Starting at the line that contains "Some of the words", transcribe each line exactly through the last line of the data. Include nothing else.
=-=-=-=-=
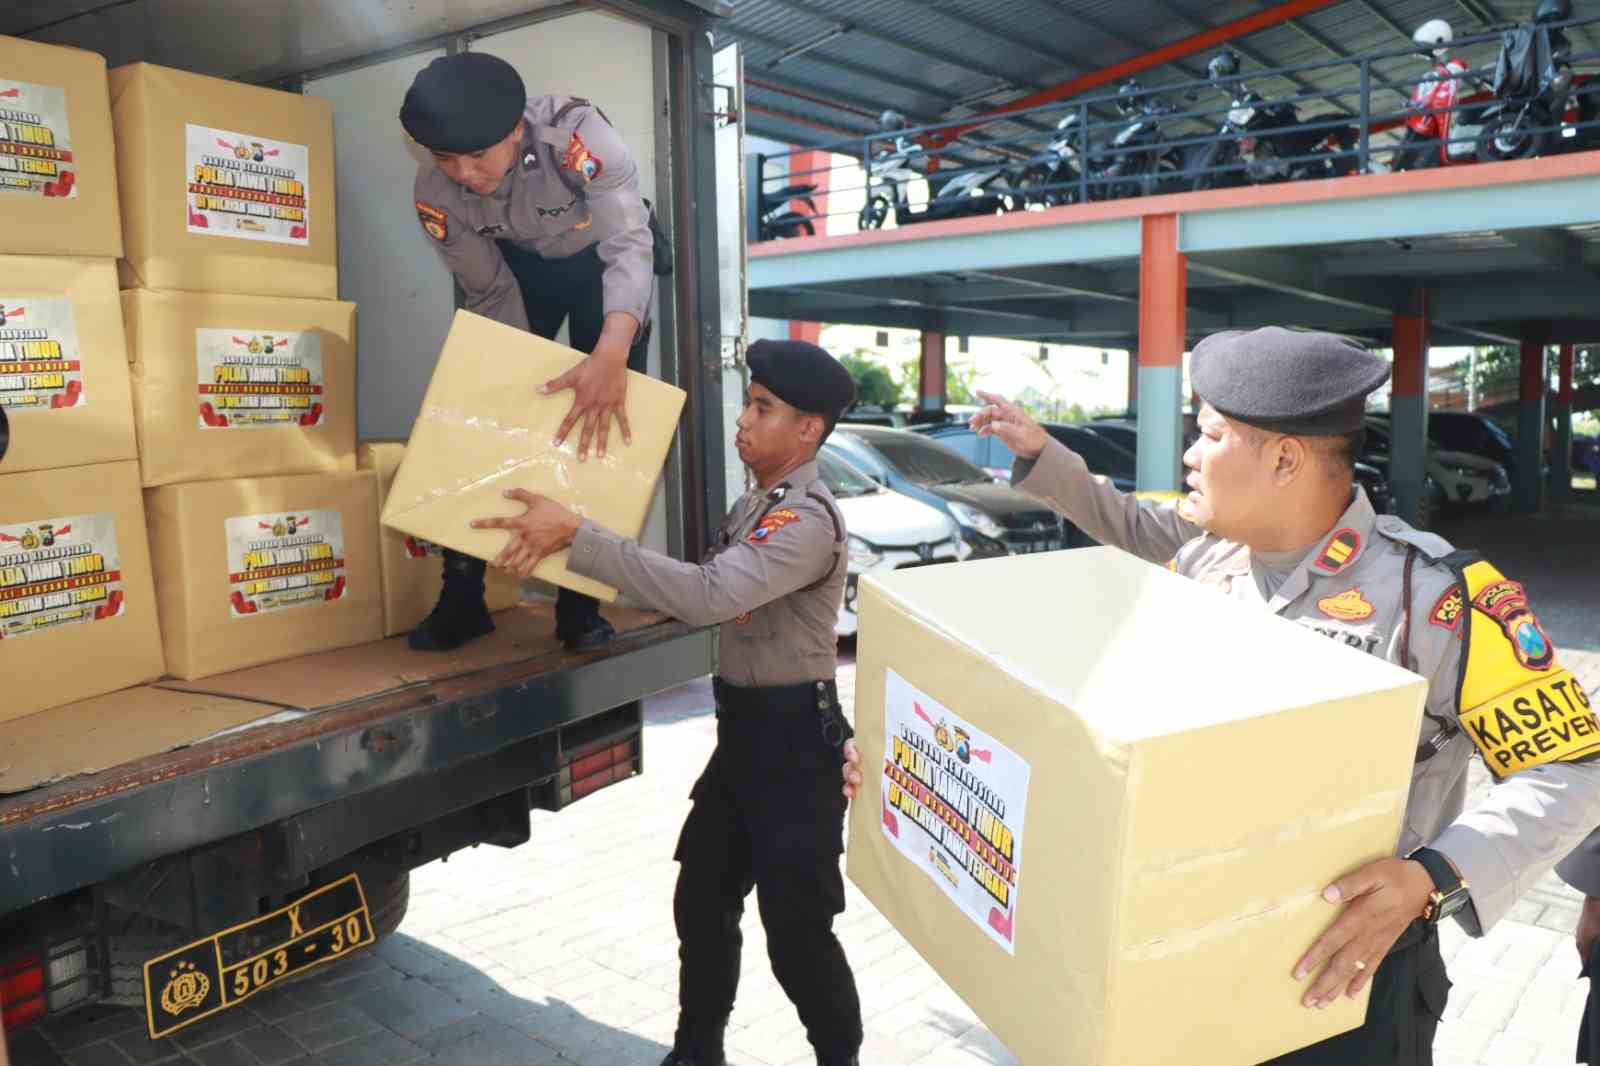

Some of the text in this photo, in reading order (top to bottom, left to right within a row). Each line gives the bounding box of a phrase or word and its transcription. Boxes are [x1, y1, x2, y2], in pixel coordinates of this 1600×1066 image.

[195, 164, 234, 186] POLDA
[236, 170, 266, 191] JAWA
[215, 365, 250, 383] POLDA
[250, 366, 279, 384] JAWA
[0, 553, 104, 588] LDA JAWA TIMUR
[243, 551, 277, 570] POLDA
[276, 547, 305, 565] JAWA
[893, 733, 1014, 863] POLDA JAWA TIMUR
[889, 780, 901, 811] DI
[900, 790, 942, 845] WILAYAH
[942, 826, 968, 870] JAWA
[968, 852, 1009, 909] TENGAH
[288, 904, 304, 938] X
[233, 950, 288, 996] 503
[331, 915, 360, 952] 30
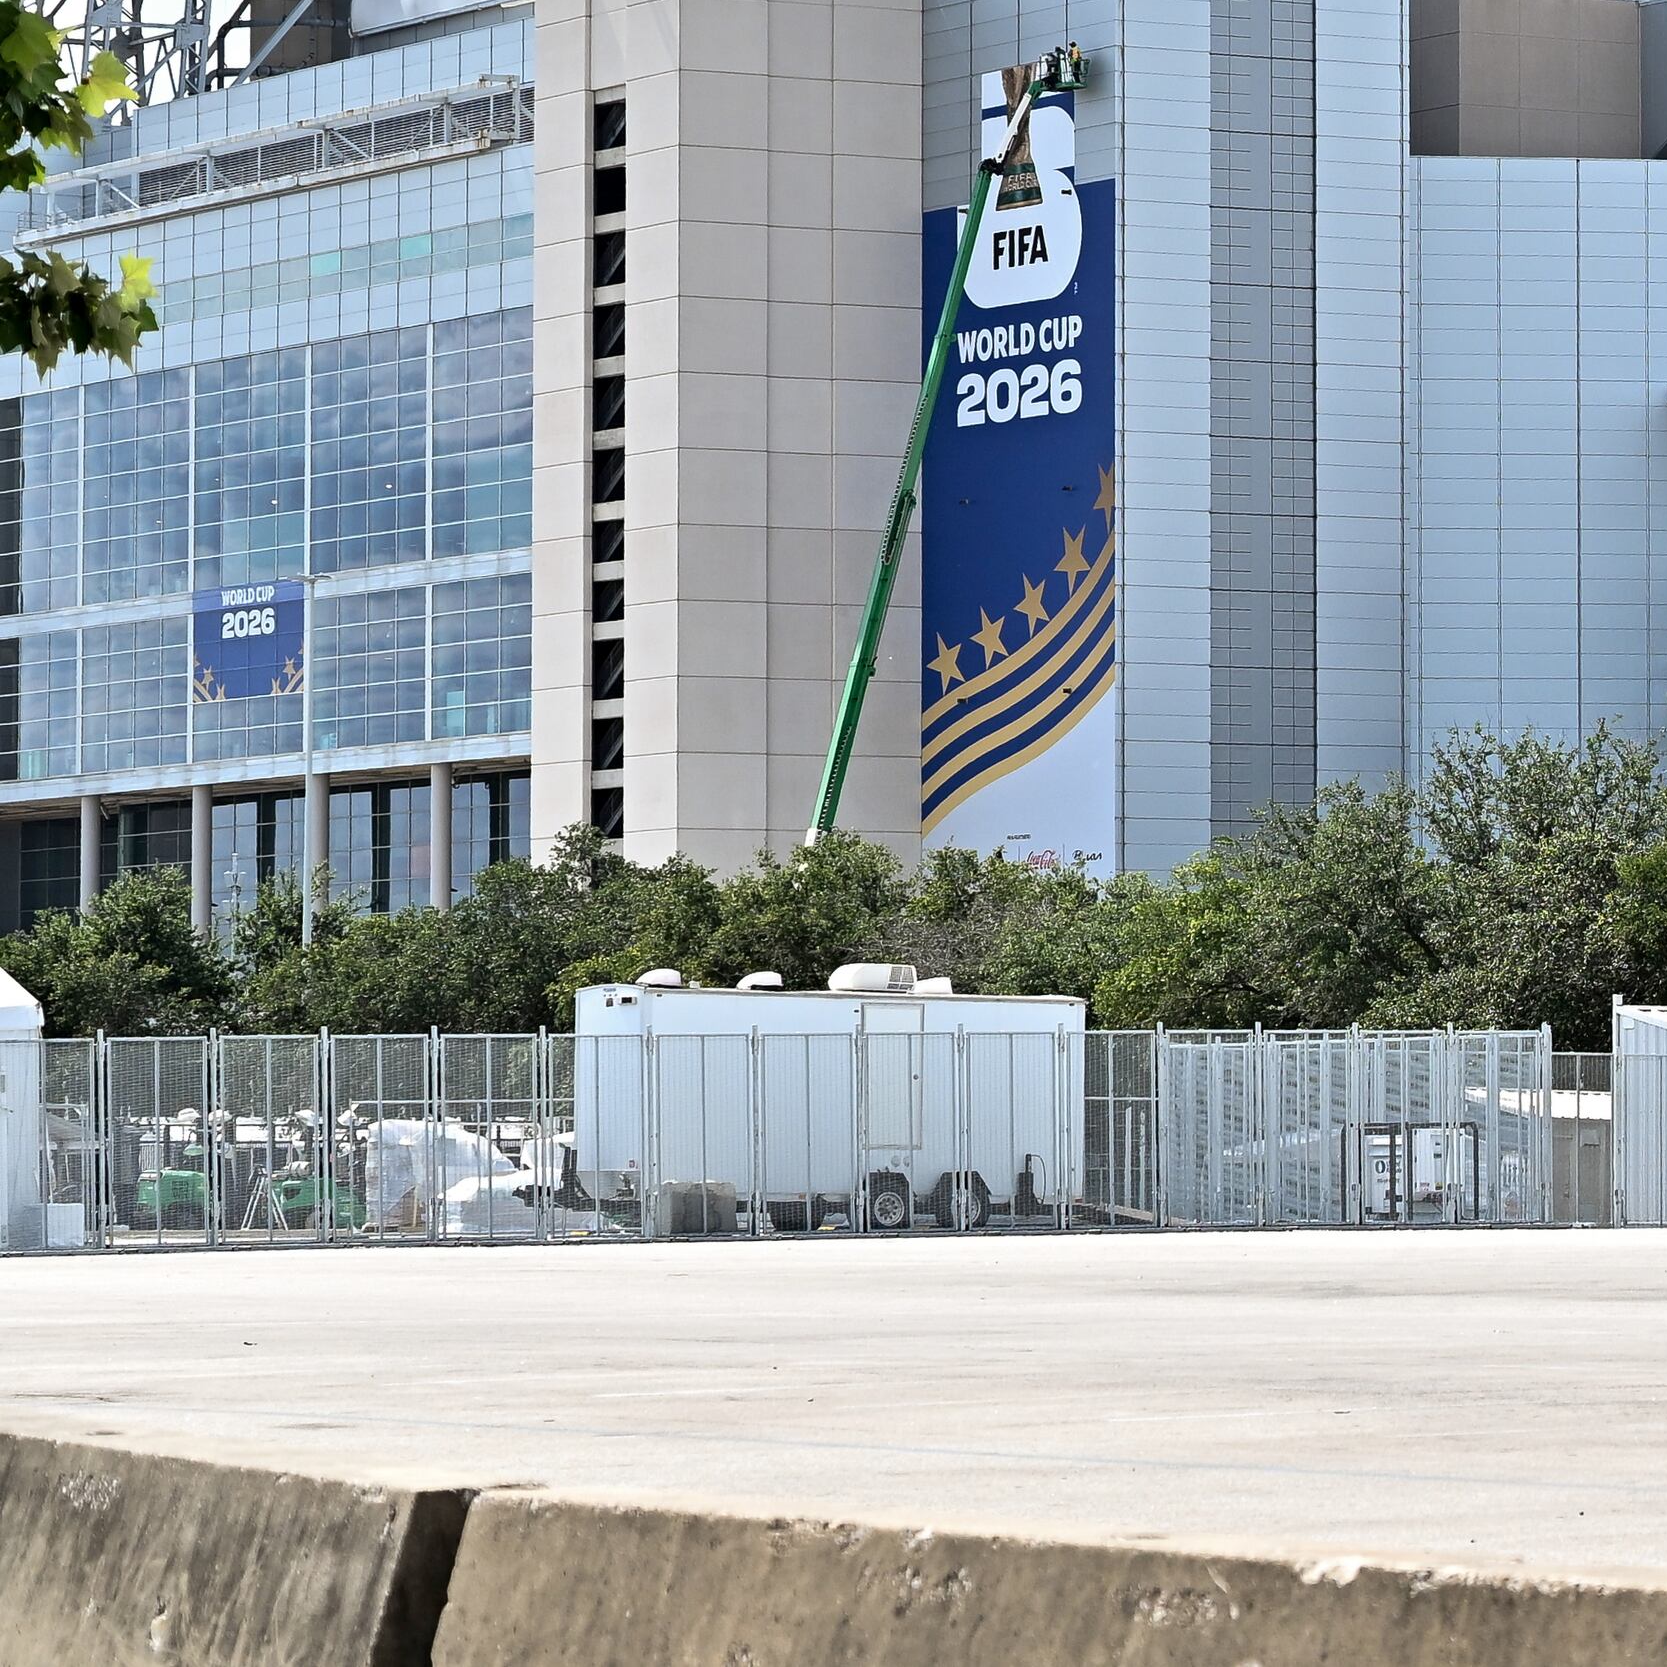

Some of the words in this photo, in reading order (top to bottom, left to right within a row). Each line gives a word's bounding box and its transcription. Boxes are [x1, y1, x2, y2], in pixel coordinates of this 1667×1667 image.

[992, 225, 1048, 270] FIFA
[957, 322, 1036, 364] WORLD
[1039, 315, 1083, 353] CUP
[956, 358, 1083, 428] 2026
[221, 587, 255, 606] WORLD
[256, 585, 275, 603] CUP
[221, 607, 275, 639] 2026
=-=-=-=-=
* EXERCISE OUTPUT
Some of the words in this photo, in reading order (top to bottom, left to right within a row). Each line gives a word's bounding box and its transcription. Boxes are [x1, y1, x2, y2], in pixel coordinates of this 1667×1667 image.

[992, 225, 1048, 270] FIFA
[957, 322, 1036, 364] WORLD
[1039, 315, 1083, 353] CUP
[956, 358, 1083, 428] 2026
[221, 587, 255, 606] WORLD
[256, 585, 275, 603] CUP
[221, 607, 275, 639] 2026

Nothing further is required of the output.